Wang Han, Ren Zilin, Sun Jinghong, Chen Yongbing, Bo Xiaochen, Xue JiGuo, Gao Jingyang, Ni Ming
College of Information Science and Technology, Beijing University of Chemical Technology, No. 15 North Third Ring East Road, Chaoyang District, Beijing 100029, China.
Changchun Veterinary Research Institute, Chinese Academy of Agricultural Sciences, State Key Laboratory of Pathogen and Biosecurity, Key Laboratory of Jilin Province for Zoonosis Prevention and Control, Changchun 130122, China.
Brief Bioinform. 2024 Nov 22;26(1). doi: 10.1093/bib/bbae579.
Deriving protein function from protein sequences poses a significant challenge due to the intricate relationship between sequence and function. Deep learning has made remarkable strides in predicting sequence-function relationships. However, models tailored for specific tasks or protein types encounter difficulties when using transfer learning across domains. This is attributed to the fact that protein function relies heavily on structural characteristics rather than mere sequence information. Consequently, there is a pressing need for a model capable of capturing shared features among diverse sequence-function mapping tasks to address the generalization issue. In this study, we explore the potential of Model-Agnostic Meta-Learning combined with a protein language model called Evolutionary Scale Modeling to tackle this challenge. Our approach involves training the architecture on five out-domain deep mutational scanning (DMS) datasets and evaluating its performance across four key dimensions. Our findings demonstrate that the proposed architecture exhibits satisfactory performance in terms of generalization and employs an effective few-shot learning strategy. To explain further, Compared to the best results, the Pearson's correlation coefficient (PCC) in the final stage increased by ~0.31%. Furthermore, we leverage the trained architecture to predict binding affinity scores of the DMS dataset of SARS-CoV-2 using transfer learning. Notably, training on a subset of the Ube4b dataset with 500 samples resulted in a notable improvement of 0.11 in the PCC. These results underscore the potential of our conceptual architecture as a promising methodology for multi-task protein function prediction.

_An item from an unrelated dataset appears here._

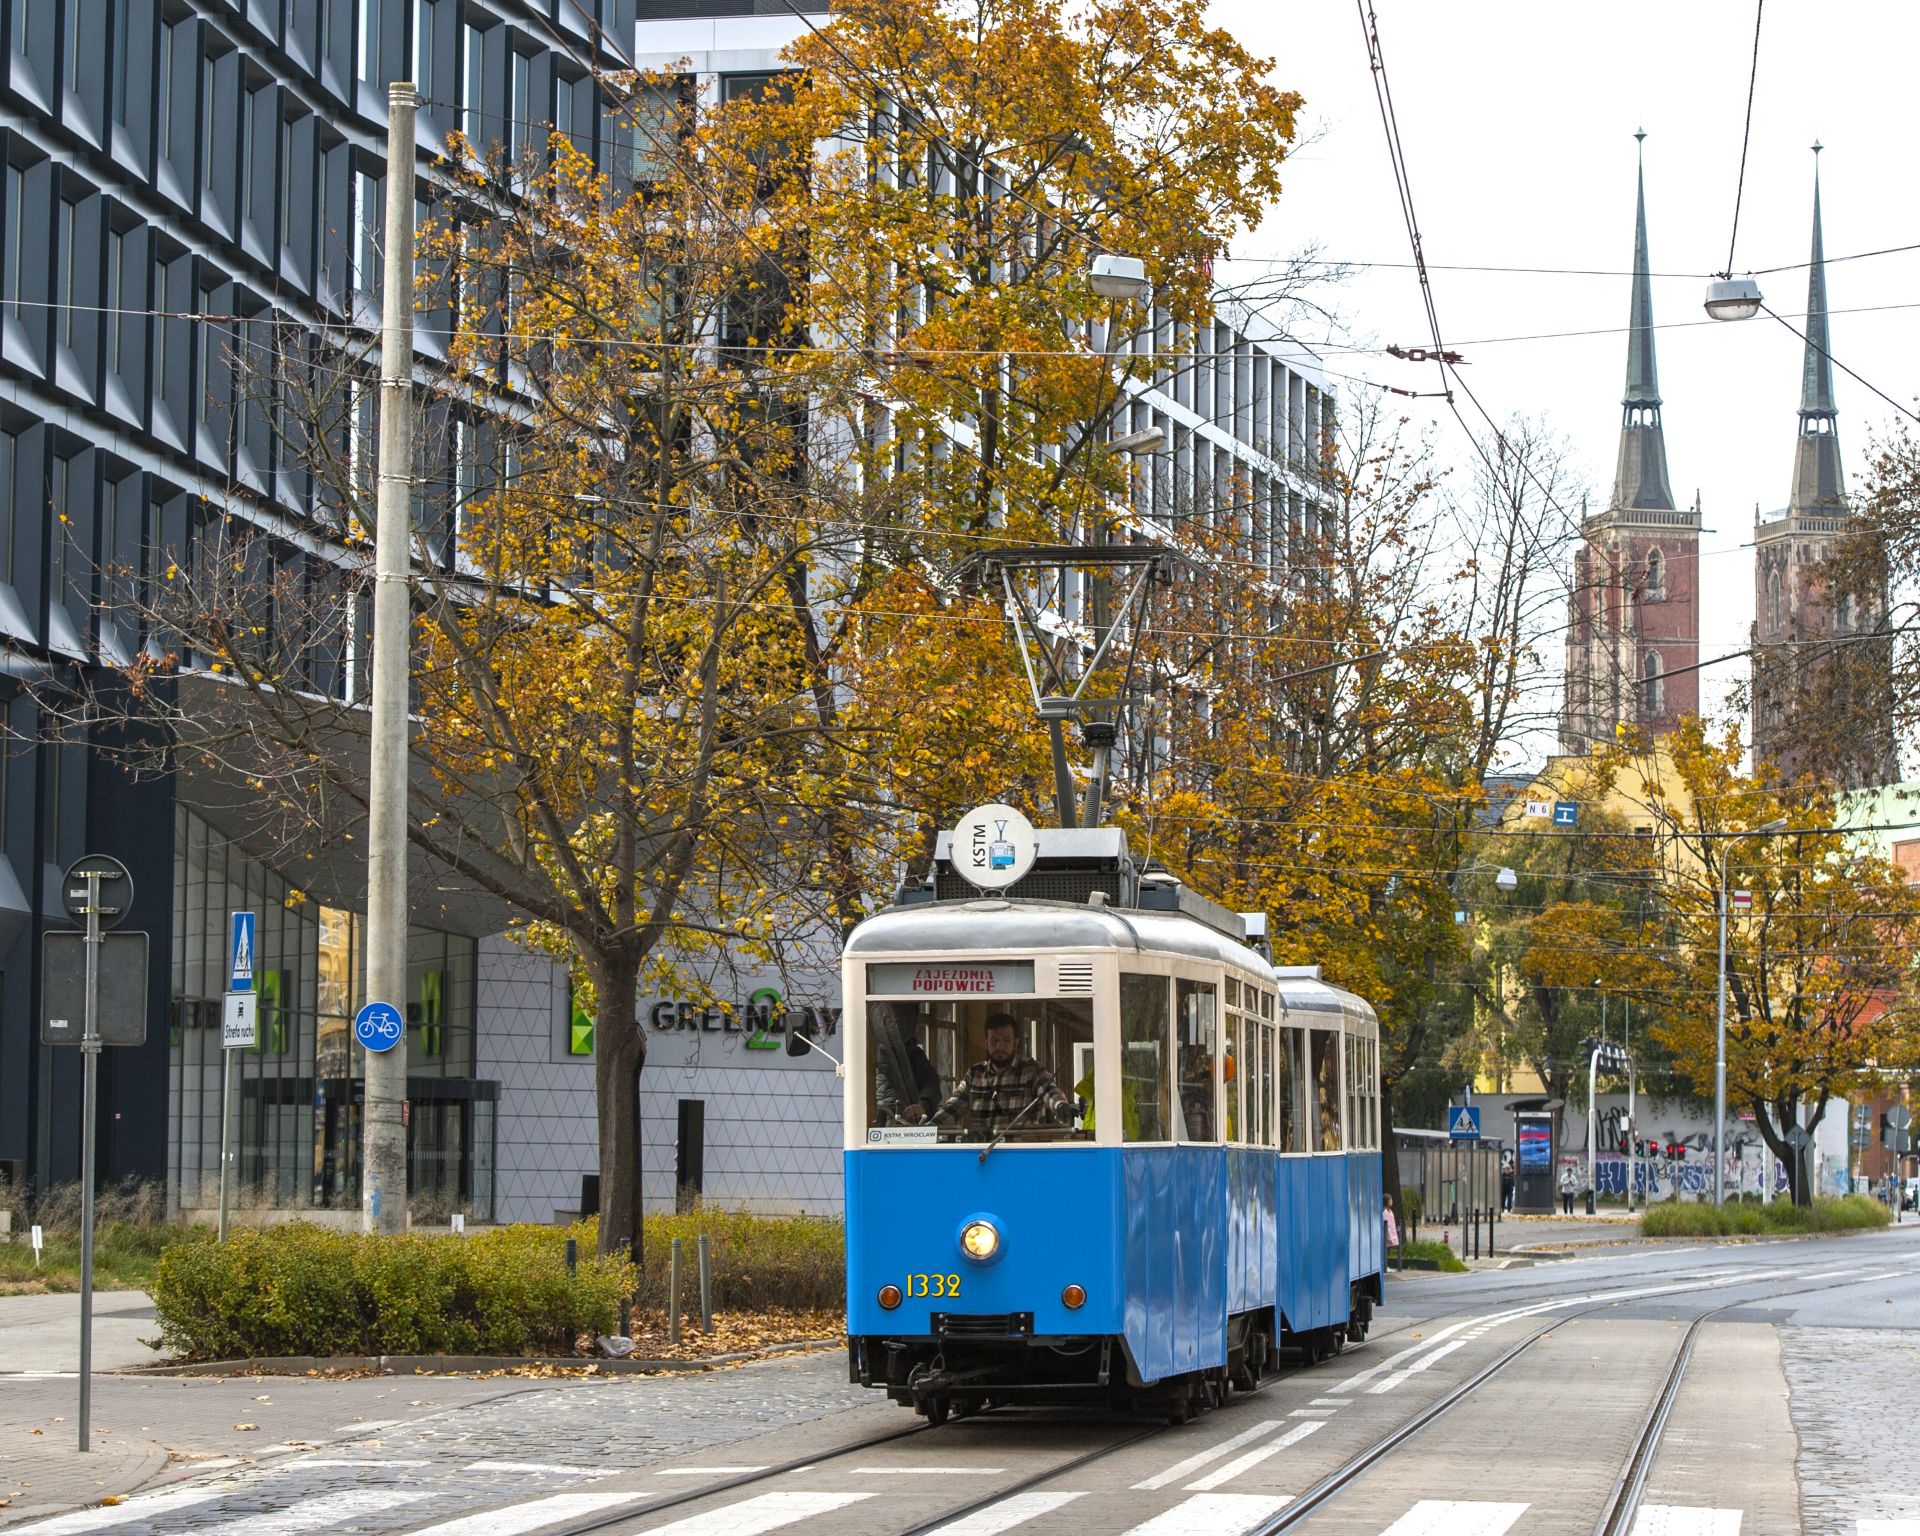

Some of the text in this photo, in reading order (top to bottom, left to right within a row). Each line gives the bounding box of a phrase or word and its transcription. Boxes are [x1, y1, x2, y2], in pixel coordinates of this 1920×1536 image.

由于序列与功能之间存在复杂的关系,从蛋白质序列推导蛋白质功能面临重大挑战。深度学习在预测序列-功能关系方面取得了显著进展。然而,针对特定任务或蛋白质类型定制的模型在跨领域使用迁移学习时会遇到困难。这归因于蛋白质功能严重依赖于结构特征而非仅仅是序列信息。因此,迫切需要一种能够捕捉不同序列-功能映射任务之间共享特征的模型来解决泛化问题。在本研究中,我们探索了模型无关元学习与一种名为进化尺度建模的蛋白质语言模型相结合来应对这一挑战的潜力。我们的方法包括在五个域外深度突变扫描(DMS)数据集上训练该架构,并在四个关键维度上评估其性能。我们的研究结果表明,所提出的架构在泛化方面表现出令人满意的性能,并采用了有效的少样本学习策略。进一步解释,与最佳结果相比,最终阶段的皮尔逊相关系数(PCC)提高了约0.31%。此外,我们利用训练好的架构通过迁移学习预测SARS-CoV-2的DMS数据集的结合亲和力分数。值得注意的是,在包含500个样本的Ube4b数据集的一个子集上进行训练,导致PCC显著提高了0.11。这些结果强调了我们的概念性架构作为一种有前途的多任务蛋白质功能预测方法的潜力。